WALB has received complaints about one of the speed camera zones on one of Albany’s busiest streets: North Slappey Boulevard. Drivers say the speed camera notification sign is blocked by another sign.
City officials disagree.
WALB received complaints that the sign warning of the photo-enforced school zone going south at 2200 North Slappey Boulevard is partially obscured by a no-parking sign.
The Albany police chief and the mayor were made aware of the complaints, and they disagreed.
“But the signage, we don’t want to put a bunch of signage out there. But there is adequate signage for people to know that you are coming into a school zone,” Albany Police Chief Michael Persley said.
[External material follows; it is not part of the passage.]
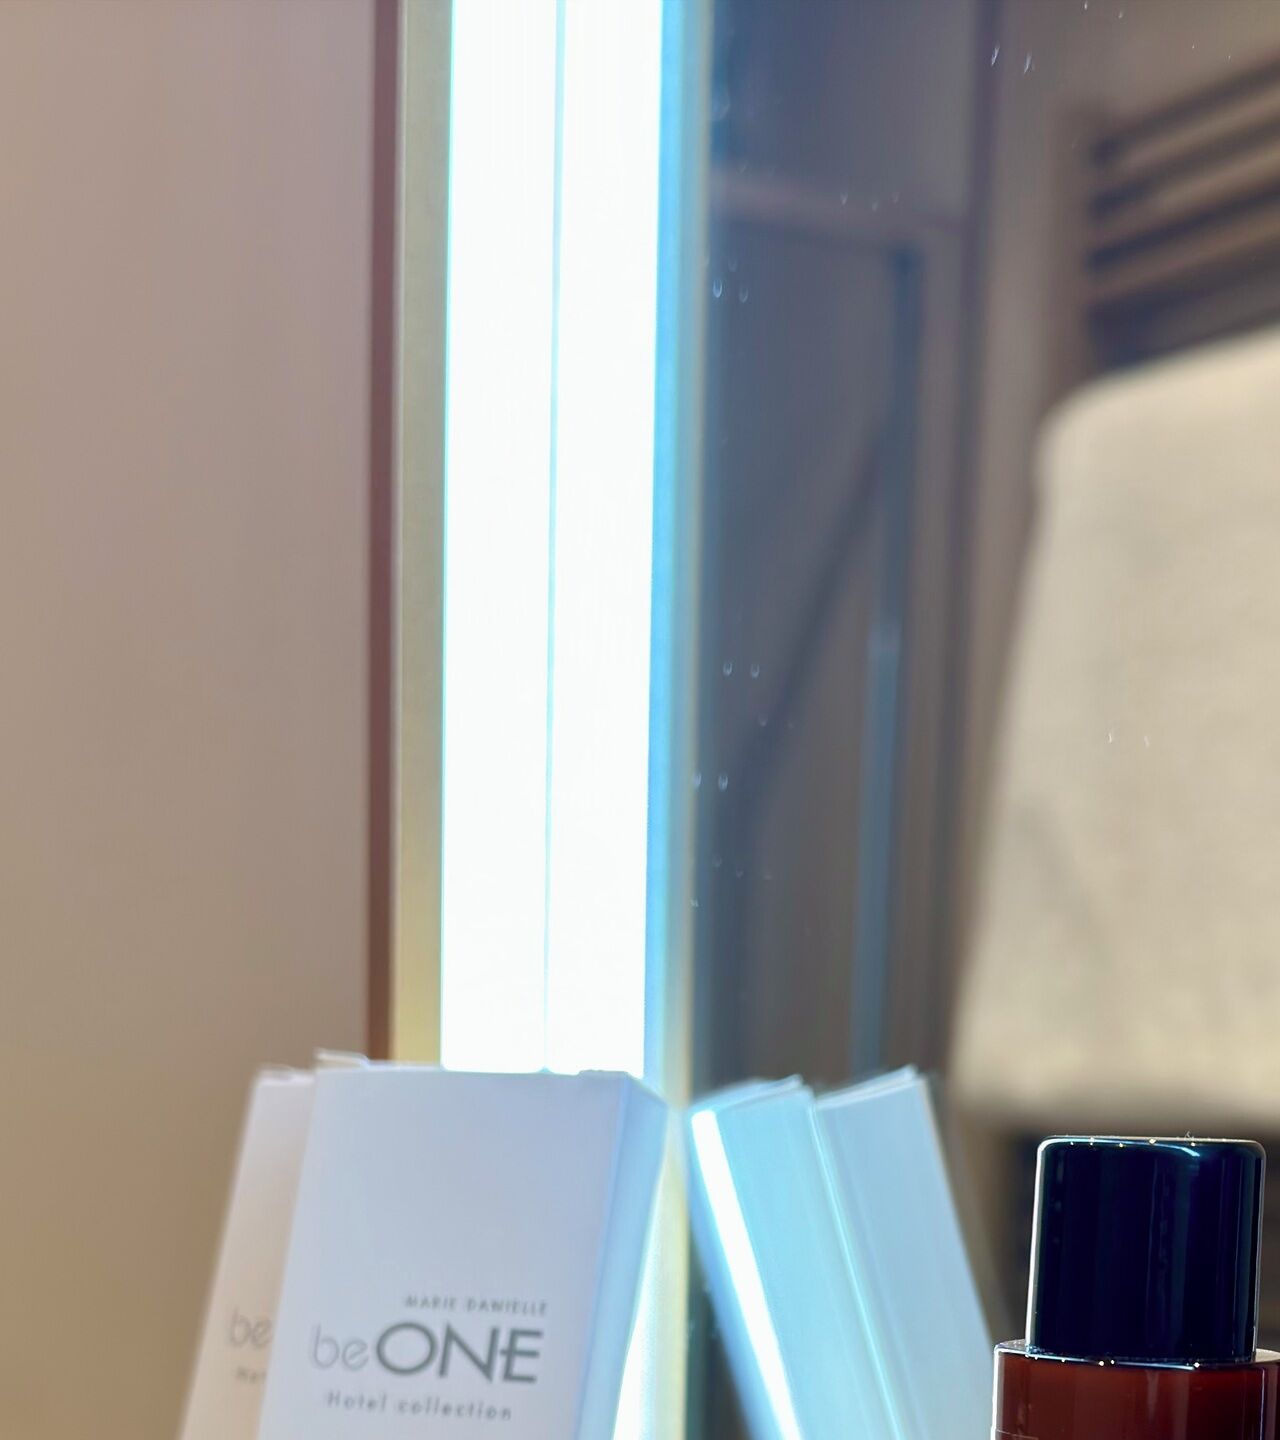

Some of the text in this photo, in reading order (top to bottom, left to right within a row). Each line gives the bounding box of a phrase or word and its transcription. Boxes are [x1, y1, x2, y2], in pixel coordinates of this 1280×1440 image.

[404, 1295, 547, 1317] MARIE DANIELLE
[326, 1390, 512, 1421] Hotel collection
“This has been a school zone for decades. And those school zones have been there for quite some time. It’s not some nefarious plot to put this no parking sign,” Albany Mayor Bo Dorough said
The “No Parking” sign is 18 feet in front of the school speed photo-enforced sign. That sign is 29 inches by 22 inches in size.
Residents who voiced complaints to us said they don’t feel that is an adequate warning. Police report that since the camera enforcement activation began this school year, there have been 4,040 violations and warnings issued at that school zone.
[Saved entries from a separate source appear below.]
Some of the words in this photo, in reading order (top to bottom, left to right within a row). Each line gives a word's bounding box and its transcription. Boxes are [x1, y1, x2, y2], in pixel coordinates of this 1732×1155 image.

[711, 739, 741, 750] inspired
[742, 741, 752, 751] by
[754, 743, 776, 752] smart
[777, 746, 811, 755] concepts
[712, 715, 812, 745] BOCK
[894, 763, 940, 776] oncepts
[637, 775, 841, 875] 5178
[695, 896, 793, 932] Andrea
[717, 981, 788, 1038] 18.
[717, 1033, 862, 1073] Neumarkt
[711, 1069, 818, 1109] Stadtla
“Which tells you what? We’ve got a problem with speeding on Slappey Drive,” Dorough said.
City officials say flashing warning lights are coming, but they are waiting on state approval to install them.
“Because that is a state route. We have to get approval from the Georgia Department of Transportation so that we can place flashers on that location,” Persley said.
But until those warning lights are installed, city officials say simply drive the speed limit, because protecting school students and pedestrians from speeding drivers is the issue.
“At the end of the day, we got a school zone and the number of citations that have been issued is a testament to the magnitude of the problem,” Dorough said.
“The whole intent from the beginning was to change the driving behavior. And from the first school zones, these cameras were implemented, you can tell that the driving behavior has changed to where people recognize where they are at. They are slowing,” Persley said.
Since the start of the school year in August, the speed zone cameras have issued 12, 832 citations.